Making Lives Better

November 6th, 2017

Nov. 1, 2017 — More than 700 people attended JPS Foundation’s second annual You Make Lives Better Breakfast on Wednesday, gathering in a 13,000-square-foot tent to share stories exemplifying the pivotal role JPS Health Network will play in Tarrant County’s future.

CEO Robert Earley

JPS President and CEO Robert Earley welcomes 715 guests and team members at the You Make Lives Better Breakfast.

“JPS is your community healthcare system,” Westlake Mayor Laura Wheat, chairman of the JPS Foundation Board of Directors, said in welcoming community leaders, business executives and elected officials joining physicians and JPS staff under the special-event tent north of the Patient Care Pavilion.

In a moving video presentation created for the occasion, County Administrator G. K. Maenius says JPS will play a significant role in determining quality of life in Tarrant County as the population grows by a projected one million new residents over the next 20 years.
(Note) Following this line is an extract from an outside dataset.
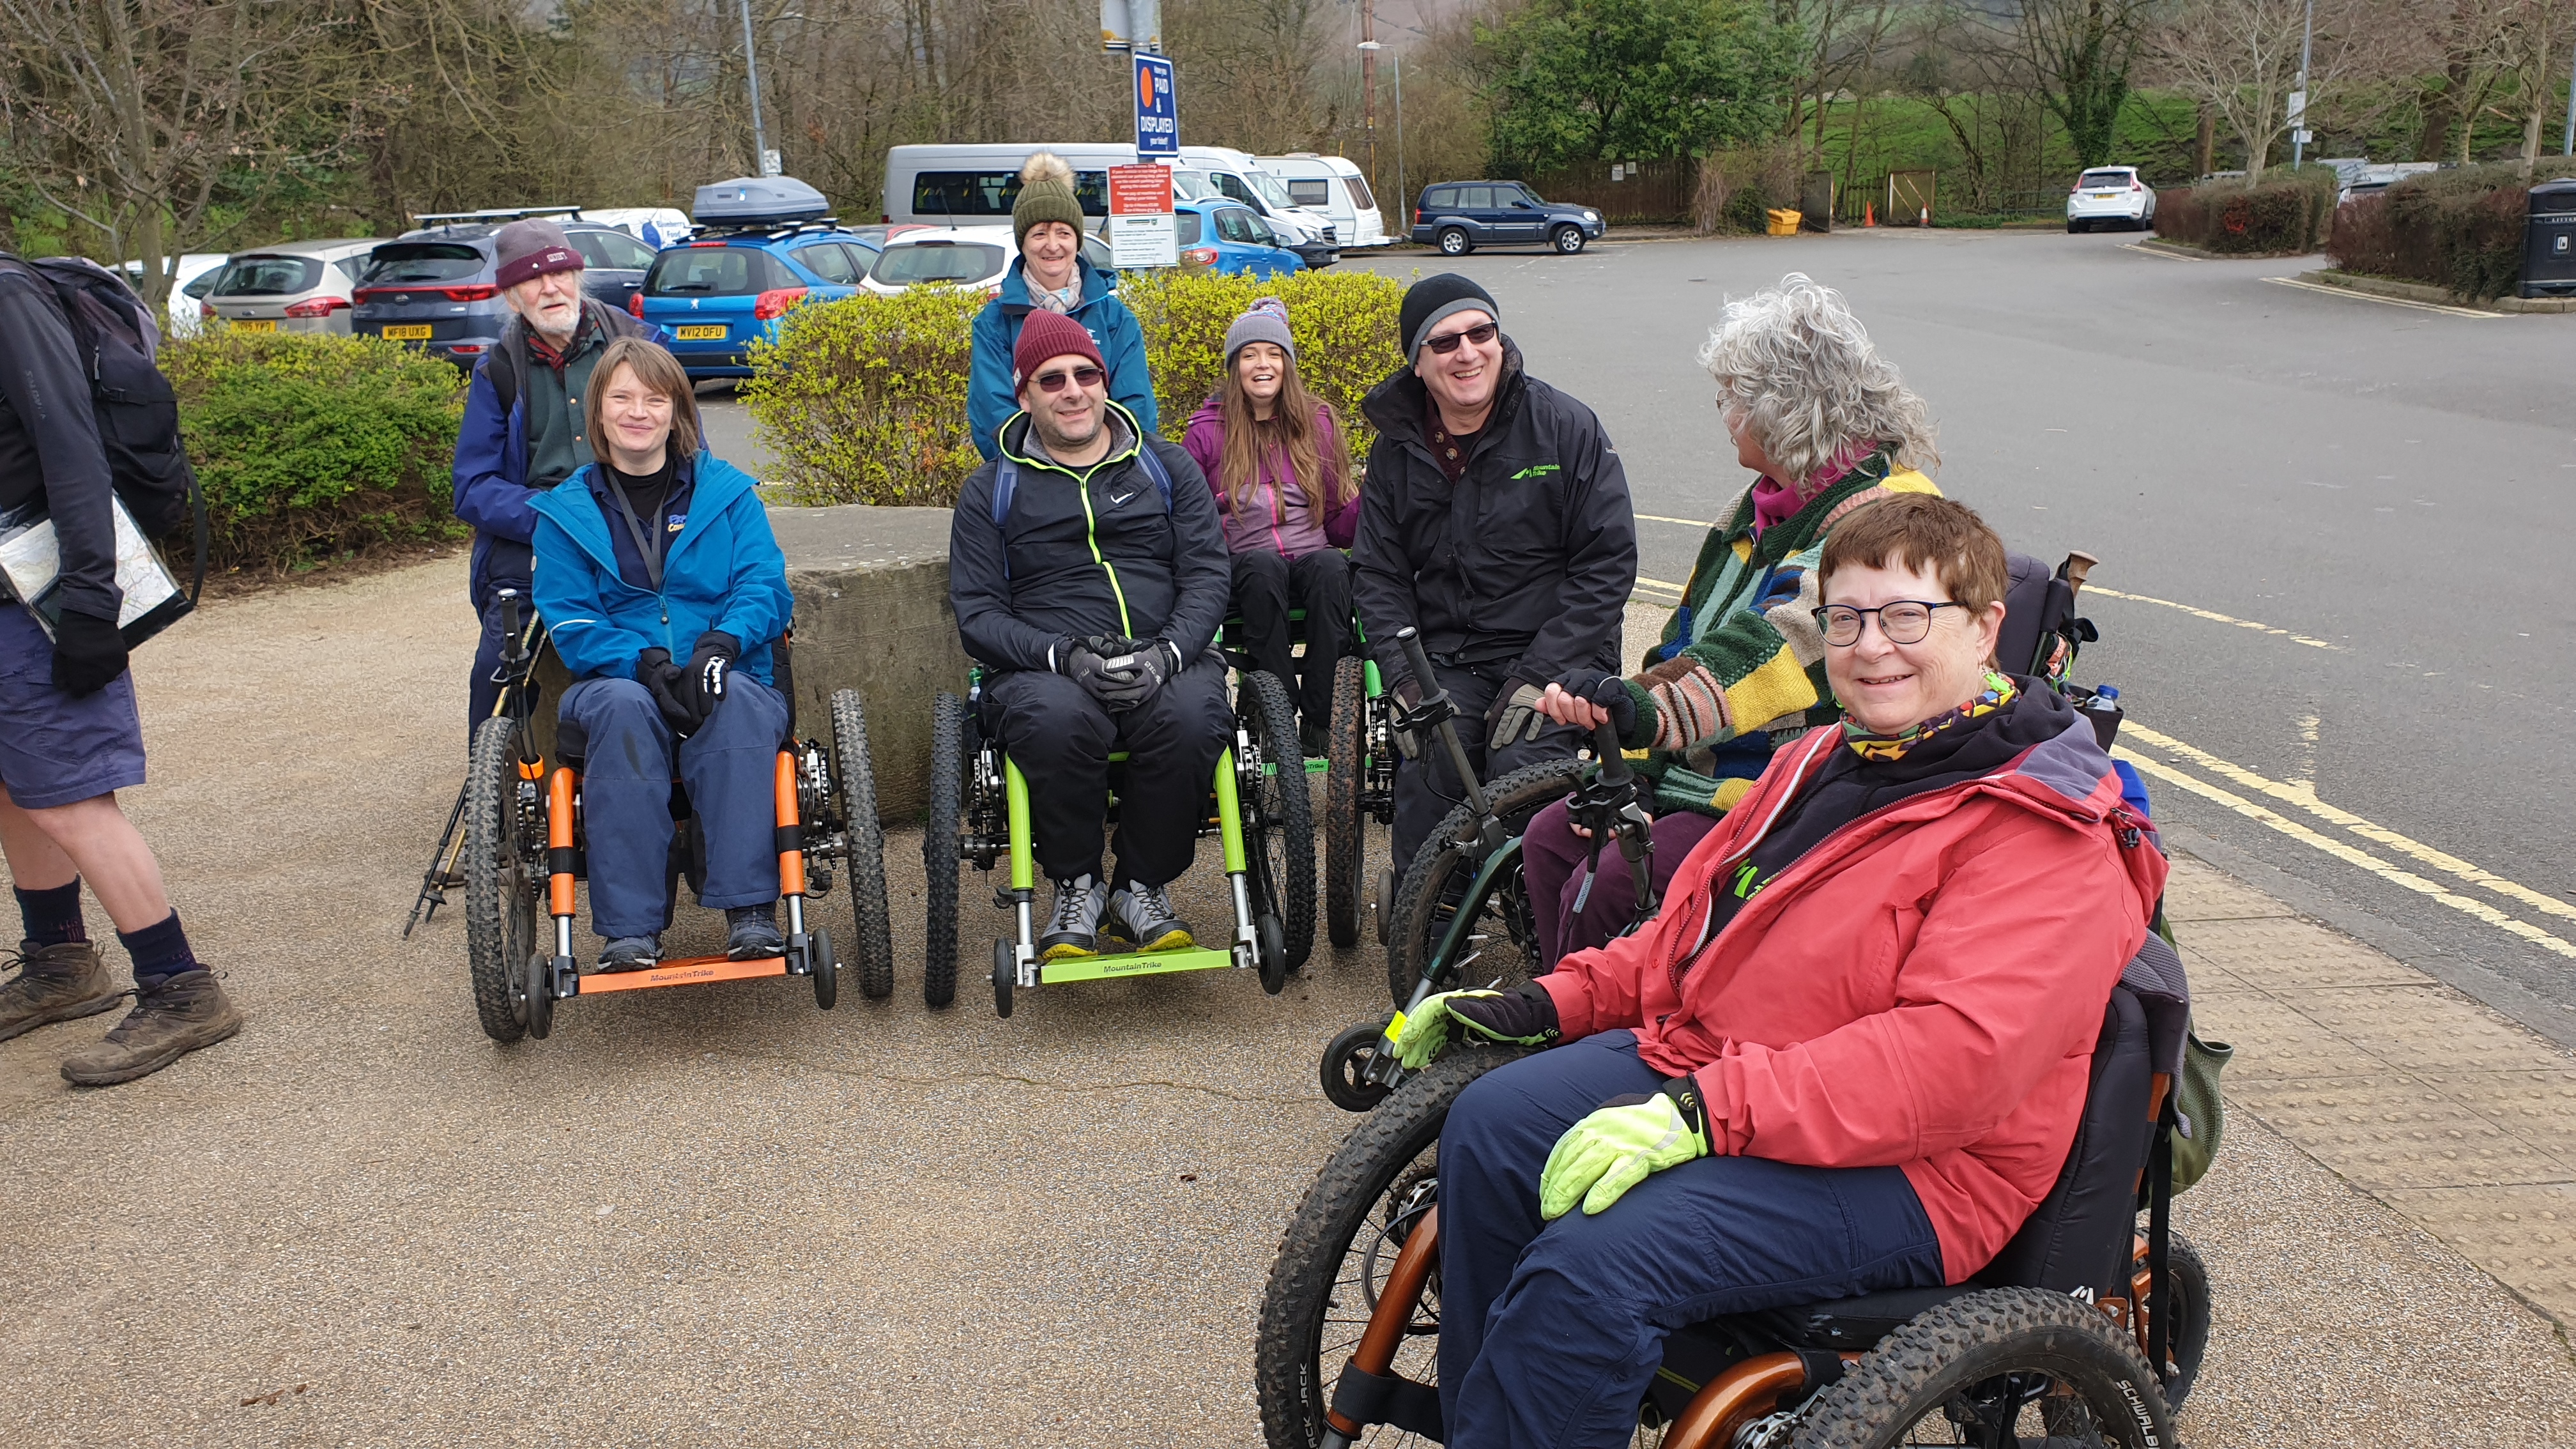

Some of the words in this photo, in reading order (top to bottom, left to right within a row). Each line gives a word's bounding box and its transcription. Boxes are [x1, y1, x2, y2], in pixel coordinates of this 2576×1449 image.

“Healthcare is going to be extremely important because not only are we going to grow in terms of population, but the makeup of that population is going to change dramatically,” Maenius says.

JPS President and CEO Robert Earley told the crowd, “It is critically important for Tarrant County that JPS is successful.”

The family of trauma patient Courtney Utter reconstructed the Christmas day that Utter took a young niece on an ill-fated ATV excursion. The ATV overturned, pinning Utter to the ground and crushing her left arm. First responders transported her to the Level I Trauma Center at JPS.

Utter’s arm would eventually require amputation, but she credits the care she received at JPS for saving her life and says, “Everybody was so good to me and my family.”

Courtney Utter

Courtney Utter

Utter made a surprise appearance at Wednesday’s breakfast, bringing guests to their feet for a standing ovation. “I wouldn’t be here if I hadn’t gone to JPS,” she declared. “You may ask yourself, ‘Why JPS?’ I am standing here today because of JPS.”

JPS Foundation serves as a bridge to connect community leaders and benefactors with the network to improve the health of communities throughout Tarrant County. JPS receives about 40 percent of its annual budget from property tax revenue. The Foundation secures philanthropic gifts, goods and grants that make up a portion of the remaining 60 percent, much of which comes from state and federal government sources such as Medicare and Medicaid.